出てきたのは秘書と名乗る男で、『先生はお留守です』の一点張りを貫こうとする。


「それならば、いつお戻りになるのか、教えてください。
何時でもここで待ちますので」

「お帰りください」

「帰れません」


沙織の父親が、すぐに動くとはとても思えなかったが、

何もしないでいることは出来なかった。僕はまだ諦めていないのだと、

意思を表示するだけでも、違うはずだ。

事務所の前の道にある、電信柱に寄りかかりながら帰りを待っていると、

夜の8時近くになって、黒い車が事務所の前に止まった。

思わず駆け寄りそうになったが、出てきたのは沙織の父親ではなく、

杉町と、それを囲む男たちだった。

何度も僕を拒絶した秘書が、すぐに扉を開け、中へ通す。

いないなんてウソだった。

始めから、会うつもりもなかったのだろうか。

もう一度、道路を渡り、秘書に中に入れてくれと頼んでみるが、

明らかにウソだとバレているのに、『先生はいない』を繰り返す。


「いい加減にしろ。
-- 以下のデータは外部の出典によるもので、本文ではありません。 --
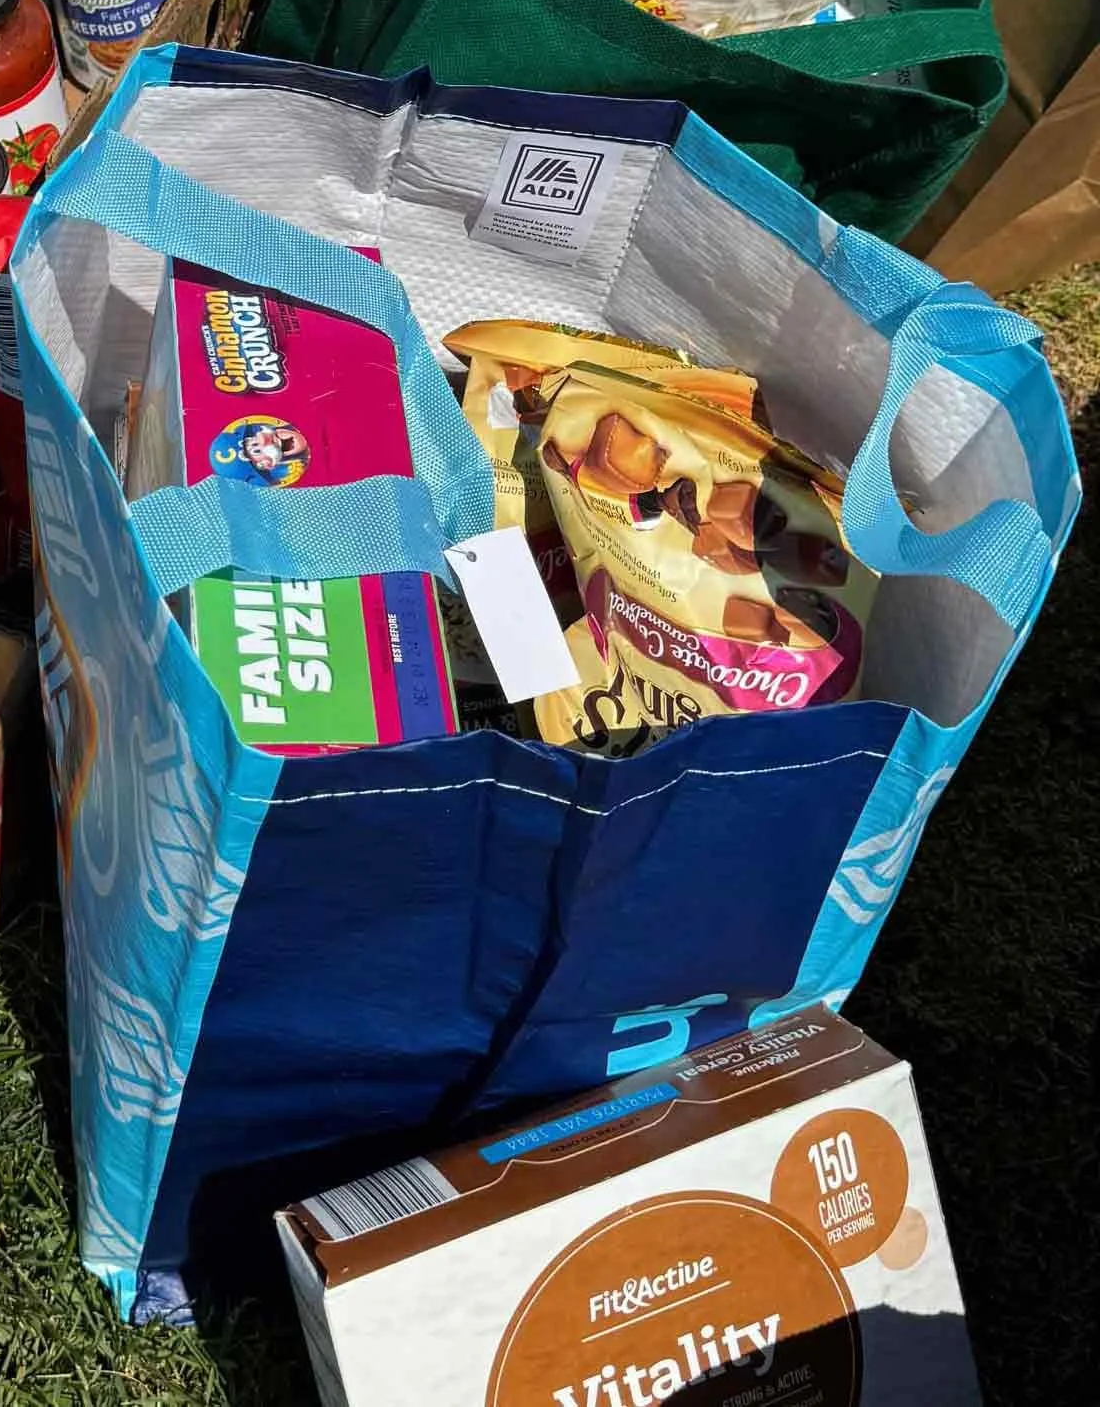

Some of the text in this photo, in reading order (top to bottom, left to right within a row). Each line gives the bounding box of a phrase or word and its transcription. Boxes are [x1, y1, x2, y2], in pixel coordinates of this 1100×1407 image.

今、杉町が入ったじゃないか! 話しをさせてくれ。
このままじゃ……」

「お帰りください」

「お前……」


僕は秘書に腕をつかまれたまま、大声を出した。

仕事帰りのサラリーマンがコンビニの袋を持ち、

また、部活を終えた学生が自転車に乗り、何人も通り過ぎていく。

商店街の中にある事務所前で、いきなり叫び声をあげた男に通行人が足を止め、

玄関前にいた秘書は、明らかに困った顔をする。


「開けろ! 中に入れるんだ」

「出来ません。いい加減にしてください」


そんな押し問答を5分くらい繰り返していると、近所の交番から警官が走ってきた。

僕はちょうどいいと思い、事情を話そうとしたが、腕をつかまれたのは僕の方で、

体を事務所前から、曲がり角まで引っ張られてしまう。


「何をするんだ、離せ」

「いい加減にするのはあなただ。通報があったんですよ。
事務所前で奇声をあげている男がいて、身の危険を感じるって」

「身の危険? 何を……」


警官は僕の言葉に首を振り、そして小さな声で、帰りなさいとつぶやいた。

このまま意地を張り、事務所前に居続けると、

逮捕しなければならなくなると付け加える。


「相手は政治家だ、とにかく今日は下がりなさい」


なぜ僕が、これほど必死なのか、不思議そうな顔をして通り過ぎる、

町の人は誰一人として知らない。

僕の全てと信じ愛した人が、救い出せないもどかしさを、どう伝えたらいいのだろうか。



フラフラと歩きながら、公園のベンチに腰かける。

月明かりは、全ての人を同じだけ照らすのだろう。

囚われた沙織も、今、この月を見ているのだろうか。

見上げた月がゆがみだし、僕の目からは涙がこぼれ落ち、

その姿を見ているのが申し訳ないと思ったのか、月は雲を使い自らの姿を隠した。




僕の足が向かった先は、昨日の店だった。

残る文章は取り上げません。